ACTIVITY:
When you reach the entries, transcribe each one exactly.

<<<<

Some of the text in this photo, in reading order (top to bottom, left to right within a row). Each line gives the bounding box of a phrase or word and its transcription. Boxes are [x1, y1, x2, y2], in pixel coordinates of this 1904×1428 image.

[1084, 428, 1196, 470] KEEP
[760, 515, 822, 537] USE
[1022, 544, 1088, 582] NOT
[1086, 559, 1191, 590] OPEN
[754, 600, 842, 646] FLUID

>>>>

RESULT:
Some of the text in this photo, in reading order (top to bottom, left to right within a row). Each line gives the bounding box of a phrase or word and its transcription. Boxes are [x1, y1, x2, y2], in pixel coordinates of this 1904×1428 image.

[1084, 428, 1196, 470] KEEP
[760, 515, 822, 537] USE
[1022, 544, 1088, 582] NOT
[1086, 559, 1191, 590] OPEN
[754, 600, 842, 646] FLUID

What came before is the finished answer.